Als der „Staatsfeind“ Edward Snowden vor acht Jahren die Praxis der Massenüberwachung durch den US-Geheimdienst NSA und die britische GCHQ öffentlich machte, sah er sich bald zur Flucht genötigt. Doch die Reise nach Ecuador endete auf einem Moskauer Flughafen, weil die US-Behörden kurzerhand seinen Pass annullierten. Das war weniger spektakulär, als eine Landung zu erzwingen, aber eben auch nicht so wirksam, denn Snowden erhielt von Russland Asyl und kann dieses Land seither ohne Angst um Leib und Leben nicht mehr verlassen.

Julian Assange, der Gründer von Wiki-Leaks, hat es als „Staatsfeind“ um einiges schwerer. Sein Verbrechen bestand darin, Kriegsverbrechen öffentlich zu machen. Die USA ließen nichts unversucht, seine Auslieferung zu erreichen, erst von Schweden, dann von Ecuador, weil Assange in der ecuadorianischen Botschaft in London Asyl gewährt wurde, während seine Informantin, Chelsea Manning, inzwischen von einem US-Militärgericht zu 35 Jahren Haft verurteilt, nach vier Jahren von Obama begnadigt, nach weiteren zwei Jahren erneut in Haft genommen und schließlich Anfang 2020 wieder entlassen wurde.

Außer in alternativen Medien kräht im Westen kein Hahn nach Snowden oder Assange. Nach dem Motto: „Wir sind die Guten – und das sind unsere Bösen“, erlaubt man sich, unter Anwendung von „Recht“, Exempel zu statuieren. Selbstverständlich ergibt sich daraus die nützliche Wahrheit: „Wenn die Bösen, die wir besiegen wollen, ihrerseits ihre Bösen verfolgen und wegsperren, dann werden deren Böse automatisch zu unseren „Guten“. Nun haben wir, die Vertreter der westlichen Werte, nach Nawalny mit Raman Pratassewitsch einen neuen Guten, dem die Bösen übel mitspielen und können uns lautstark empören und Sanktionen verhängen und so die Stimmung in Weißrussland noch ein bisschen aufheizen.

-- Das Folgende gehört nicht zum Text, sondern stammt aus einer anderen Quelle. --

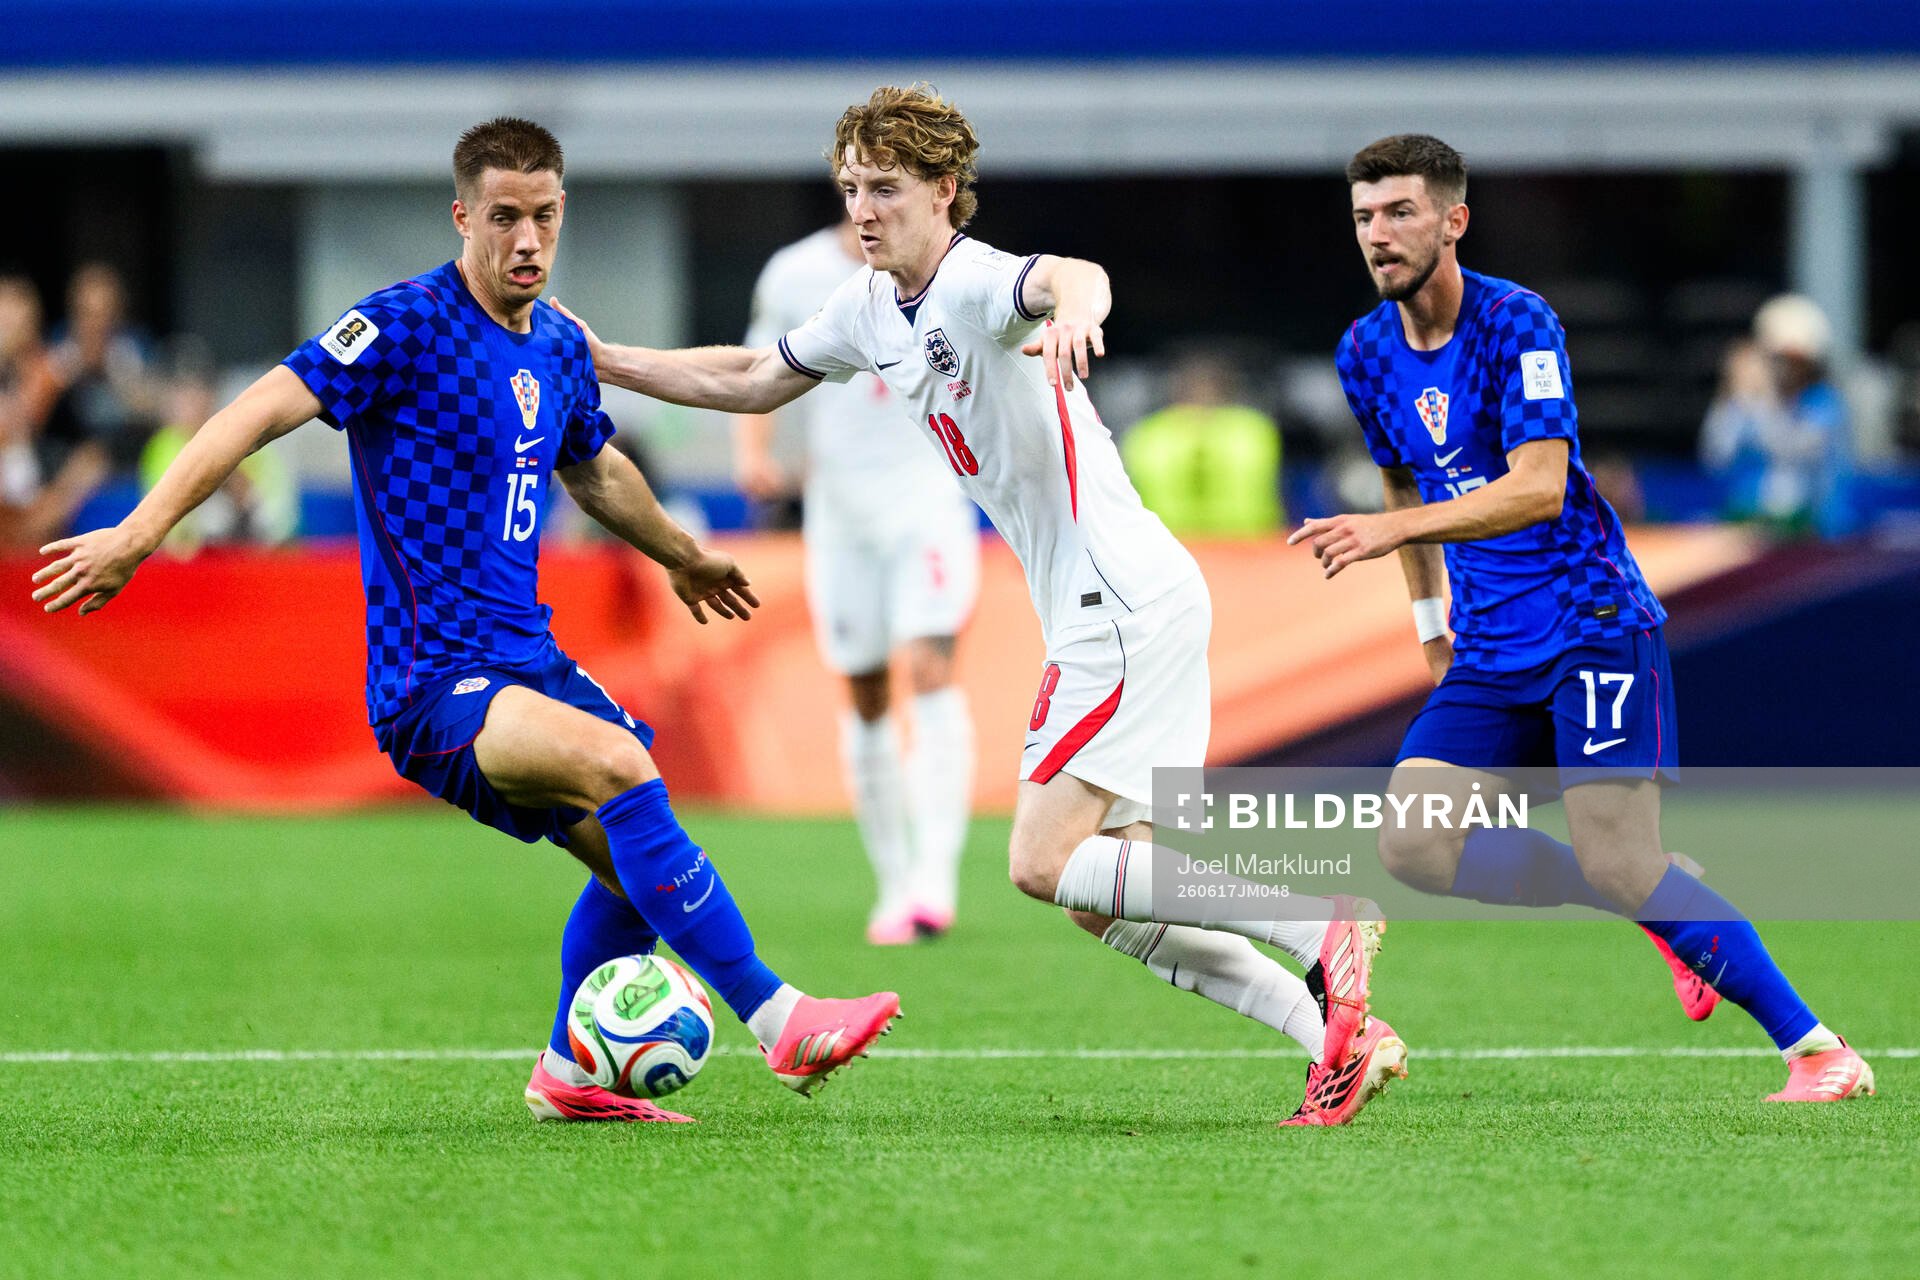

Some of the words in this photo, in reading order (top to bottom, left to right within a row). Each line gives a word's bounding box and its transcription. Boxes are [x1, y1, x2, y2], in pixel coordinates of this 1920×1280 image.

[928, 412, 979, 477] 18
[503, 473, 539, 542] 15
[1579, 670, 1635, 729] 17
[673, 851, 705, 888] HNS
[1693, 951, 1713, 968] NS
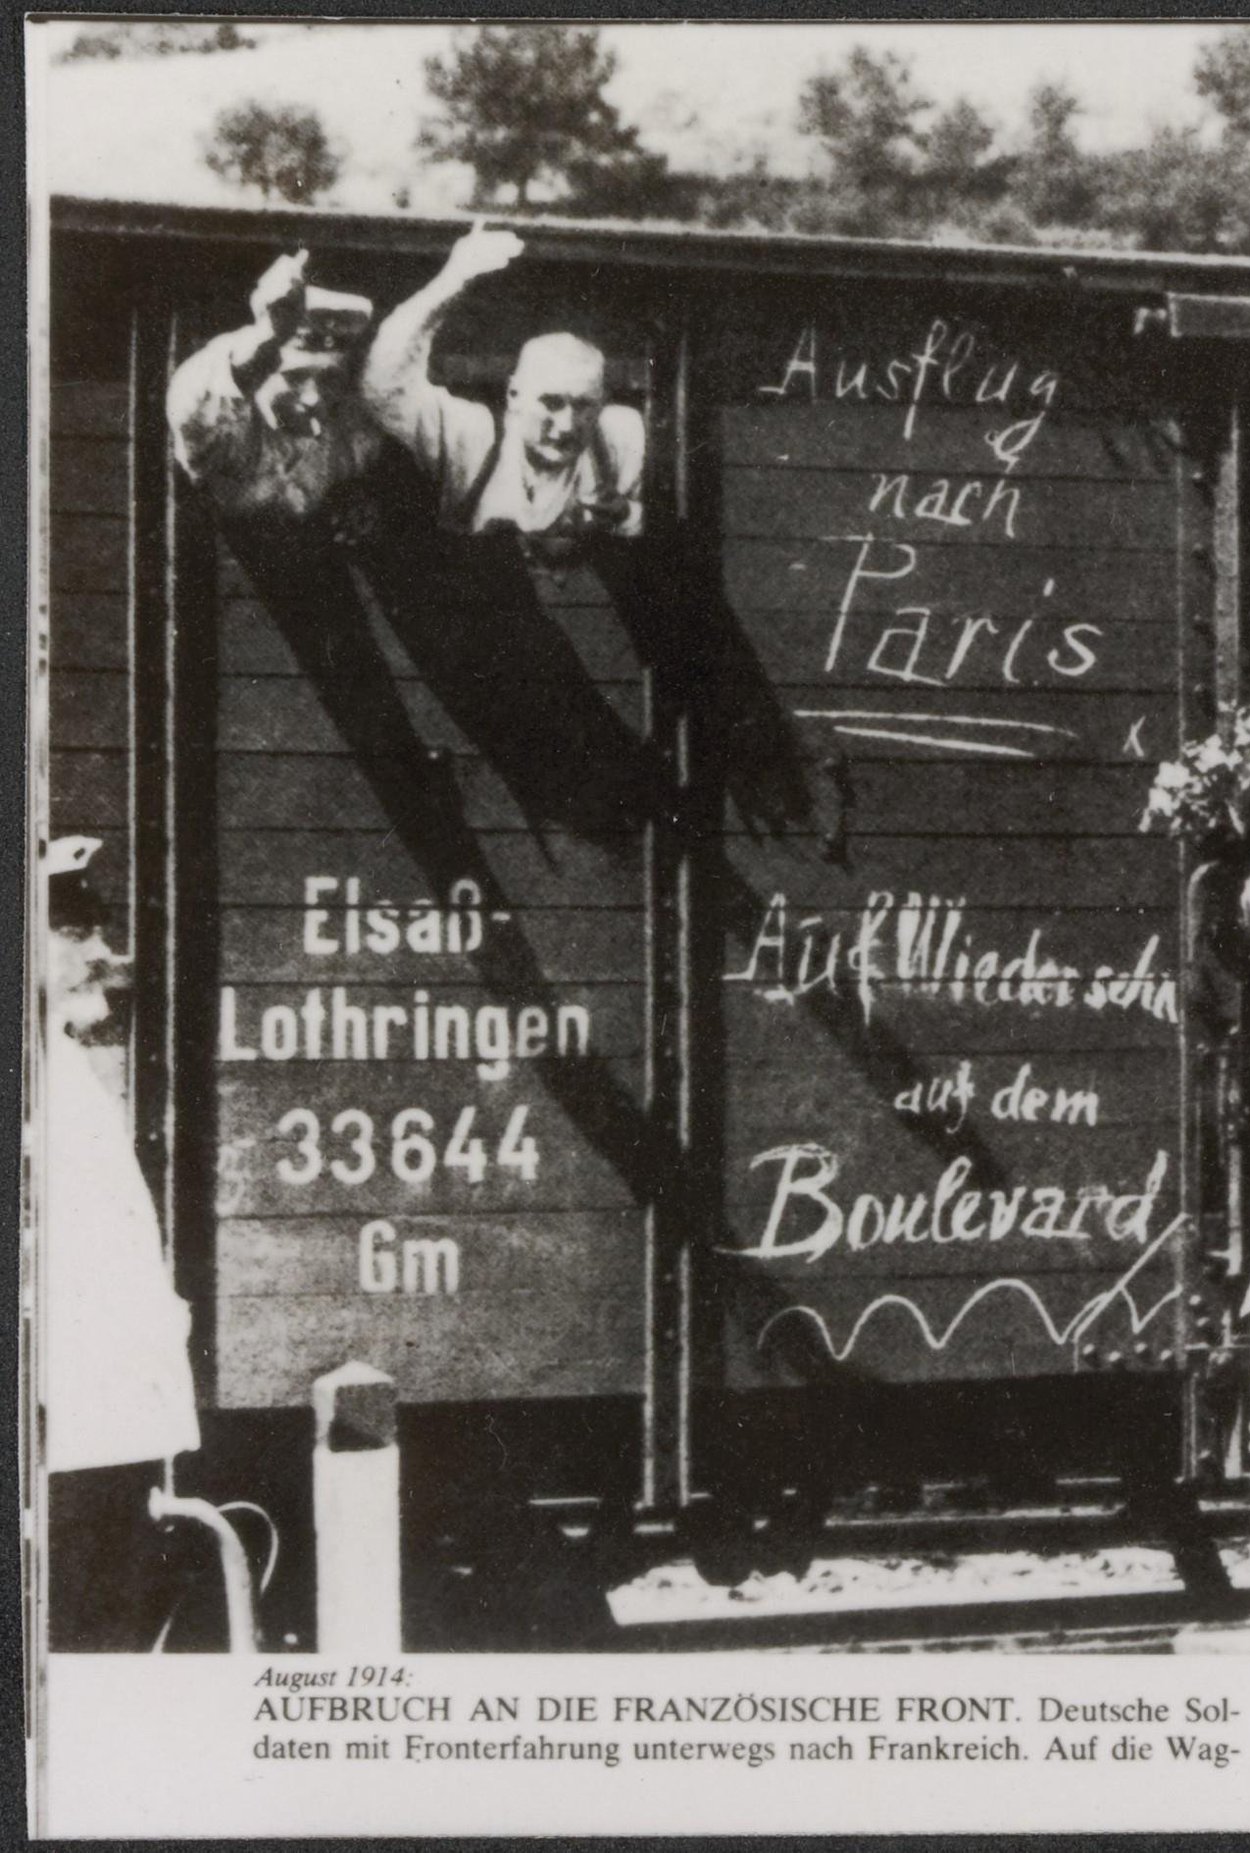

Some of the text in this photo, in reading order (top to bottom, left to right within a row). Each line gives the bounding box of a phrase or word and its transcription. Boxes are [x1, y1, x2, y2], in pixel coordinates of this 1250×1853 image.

[759, 319, 1058, 475] Ausflug
[868, 473, 1021, 538] nach
[820, 532, 1103, 687] Paris
[303, 876, 511, 955] Elsaß-
[722, 892, 895, 1027] Auf
[218, 986, 592, 1081] Lothringen
[894, 1060, 1100, 1134] auf dem
[275, 1105, 540, 1185] 33644
[714, 1143, 1168, 1263] Boulevard
[358, 1220, 461, 1295] Gm
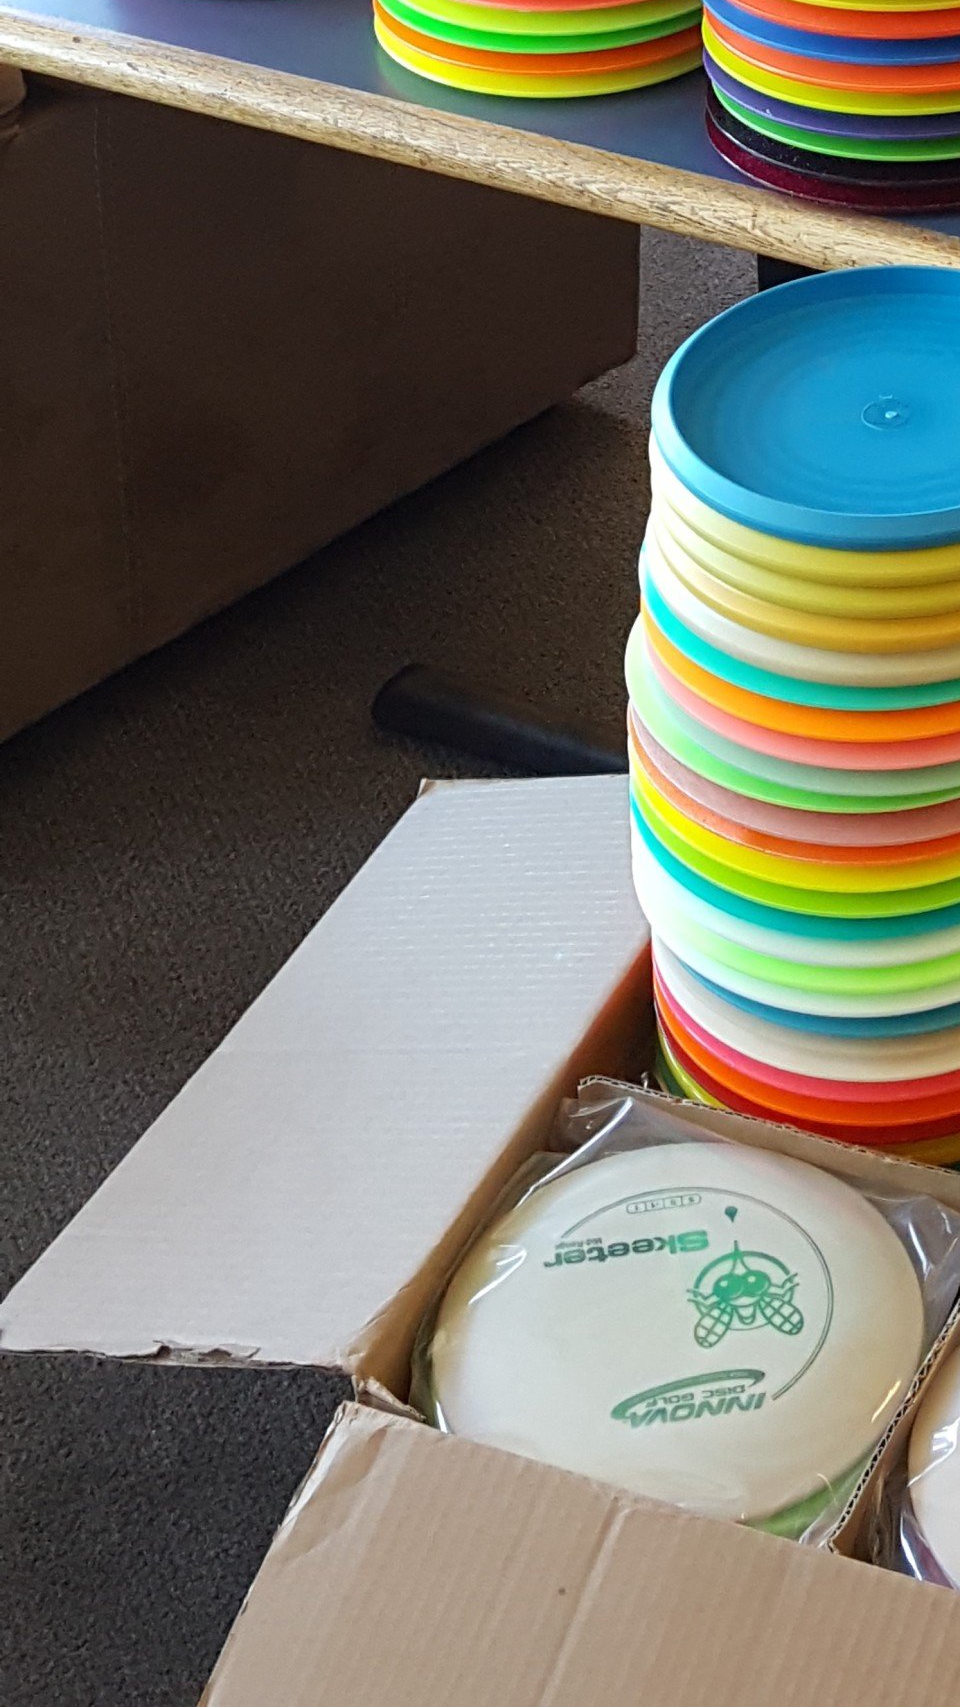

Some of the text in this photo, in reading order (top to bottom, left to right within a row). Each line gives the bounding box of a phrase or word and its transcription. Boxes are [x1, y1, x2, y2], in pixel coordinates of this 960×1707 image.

[543, 1229, 710, 1268] Skeeter
[630, 1392, 767, 1428] INNOVA
[646, 1384, 746, 1408] DISC GOLF

Ich denke, dass Mannings, Snowden, Assange, Nawalny, Pratassewitsch und viele andere in Ost und West, die noch nicht aufgeflogen sind, ganz genau wissen, welches Risiko sie eingehen und dies, sollte es eintreten, für sich in Kauf nehmen. Dabei eint sie alle das Bestreben, bestimmte – in ihren Augen – fragwürdige Handlungsweisen der eigenen Regierung aufzudecken und diese mit Hilfe einer informierten Öffentlichkeit  zu unterbinden. Dass dies eine gewisse Naivität voraussetzt, nämlich zu glauben, Regierungen würden sich, aus Angst vor einem Aufstand, Teile ihrer geheimen Werkzeuge so einfach aus der Hand nehmen lassen, mindert das Verdienst dieser Menschen nicht.

Dass sie uns von den Medien in so unterschiedlicher Weise vorgeführt werden, je nachdem, aus welchem „Block“ sie stammen, entweder als Helden oder Verbrecher, ist eines der offenkundigsten Beispiele für das so genannte „Framing“, was früher auf deutsch einfacher und verständlicher hieß: „Es wird mit zweierlei Maß gemessen.“

Unsere Nachrichten, die Statements von Politikern, Wirtschaftsführern und Geistlichen strotzen geradezu vor zweierlei Maß. Es fällt nur kaum auf, weil die „Gegenrede“ im gleichen Umfeld nicht zu finden ist. Zur Tagesschau bedarf es der „Macht um acht„, zur Bundespressekonferenz eines „Boris Reitschuster„, zu Karl Lauterbach braucht es unter anderem „ScienceFiles„, und so weiter, und so weiter.